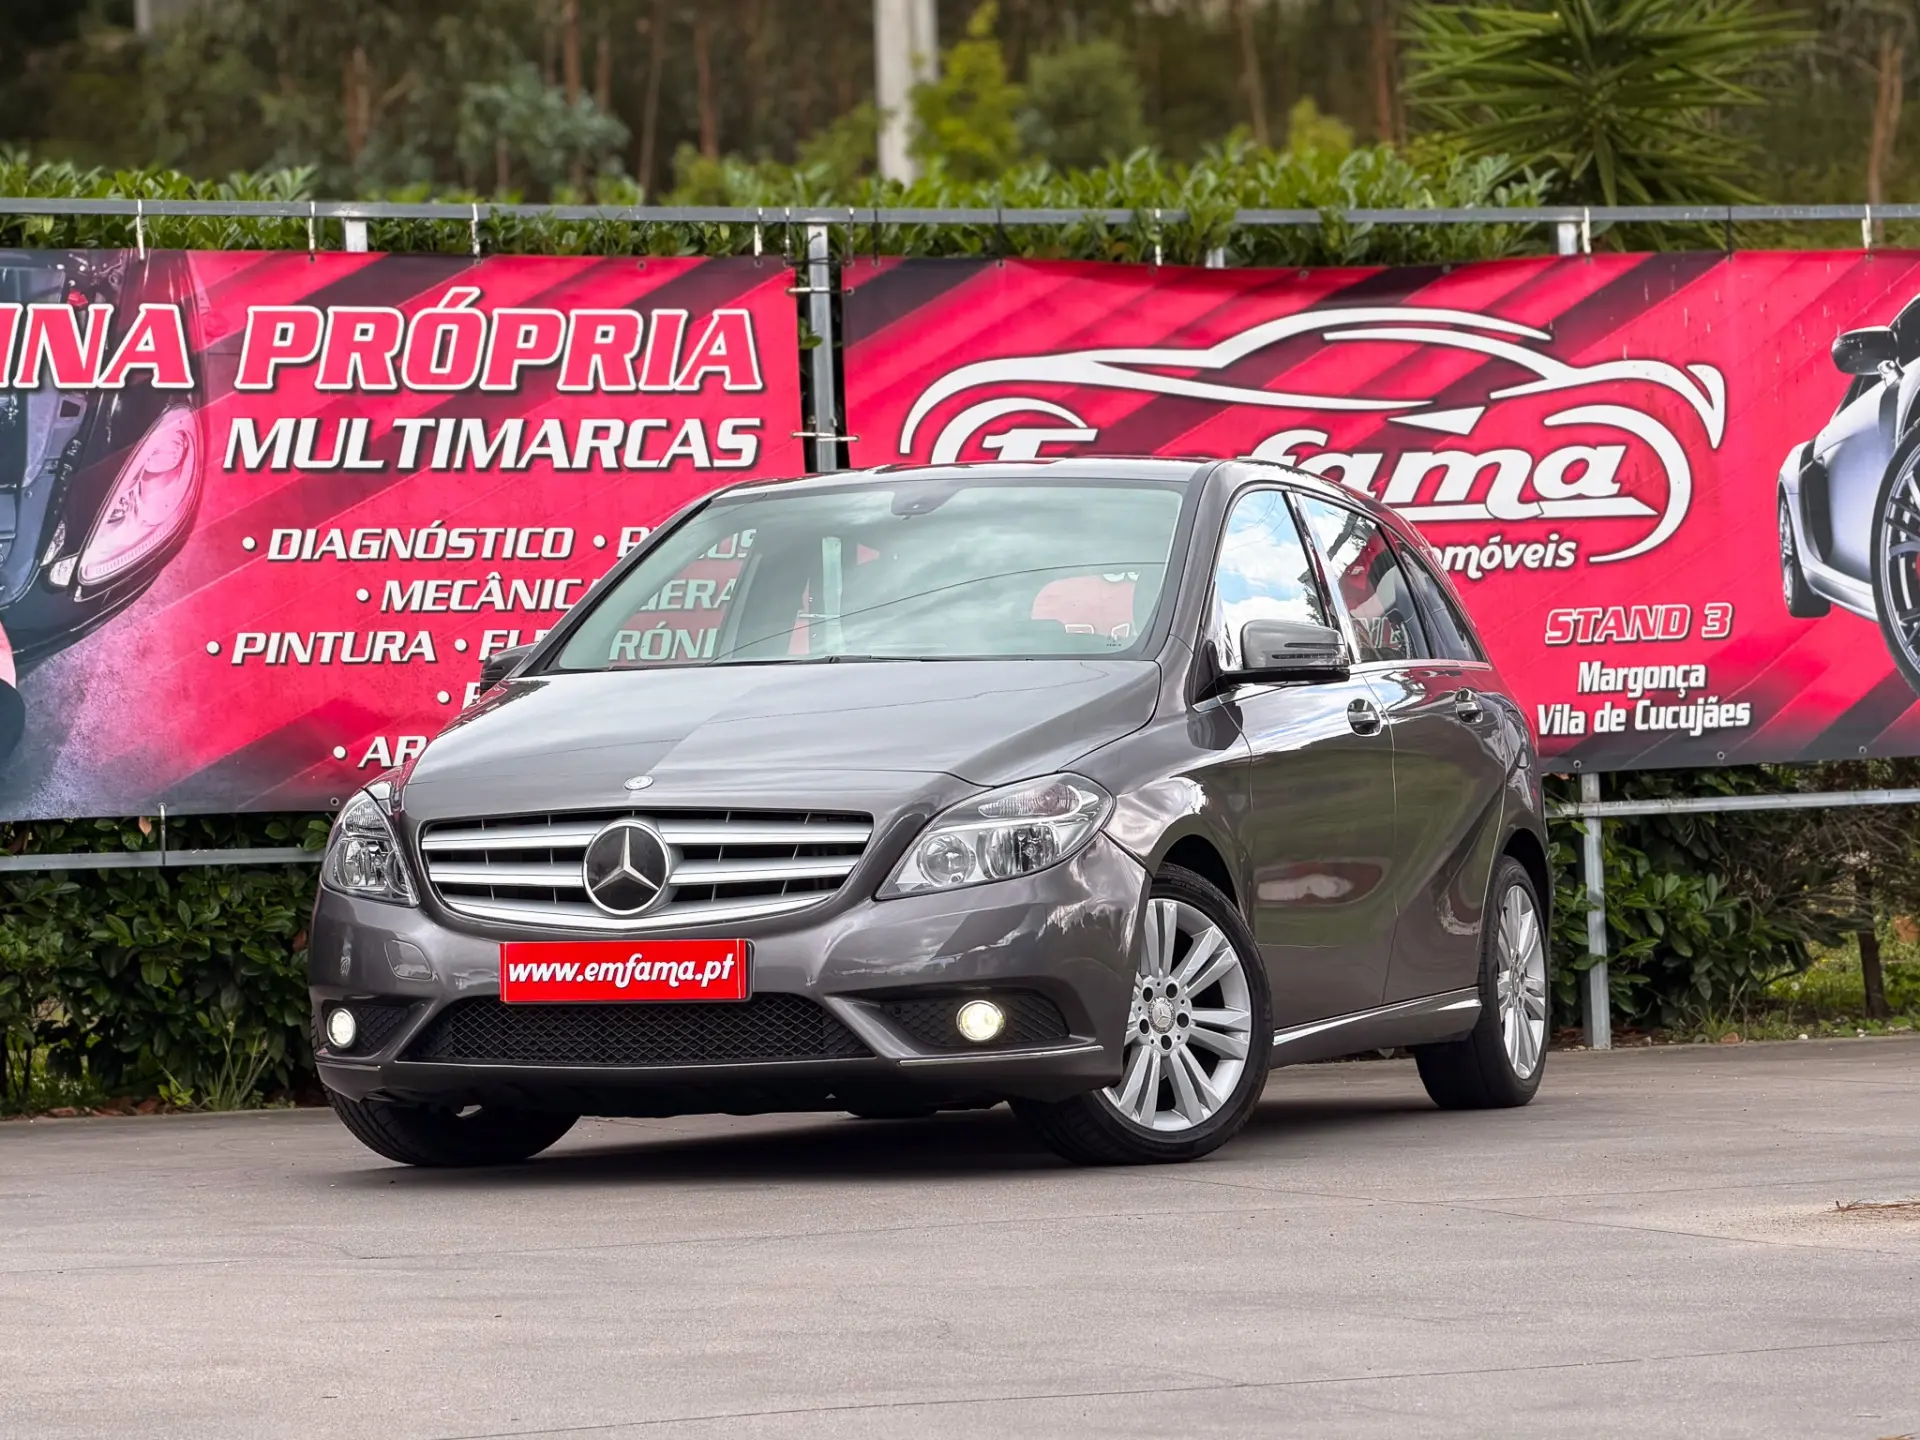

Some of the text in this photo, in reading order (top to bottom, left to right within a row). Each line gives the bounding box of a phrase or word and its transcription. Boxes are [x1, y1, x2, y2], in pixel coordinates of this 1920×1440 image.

[234, 287, 762, 391] PRÓPRIA
[223, 417, 762, 468] MULTIMARCAS
[266, 520, 575, 560] DIAGNÓSTICO
[380, 572, 605, 612] MECÂNIC
[1544, 602, 1733, 644] STAND 3
[231, 630, 437, 664] PINTURA
[1577, 660, 1706, 698] Margonça
[1537, 695, 1751, 737] Vila de Cucujães
[508, 953, 735, 989] www.emfama.pt

Assignment → Restate every record above word for word, without images.

Response →
Some of the text in this photo, in reading order (top to bottom, left to right within a row). Each line gives the bounding box of a phrase or word and its transcription. Boxes are [x1, y1, x2, y2], in pixel coordinates of this 1920×1440 image.

[234, 287, 762, 391] PRÓPRIA
[223, 417, 762, 468] MULTIMARCAS
[266, 520, 575, 560] DIAGNÓSTICO
[380, 572, 605, 612] MECÂNIC
[1544, 602, 1733, 644] STAND 3
[231, 630, 437, 664] PINTURA
[1577, 660, 1706, 698] Margonça
[1537, 695, 1751, 737] Vila de Cucujães
[508, 953, 735, 989] www.emfama.pt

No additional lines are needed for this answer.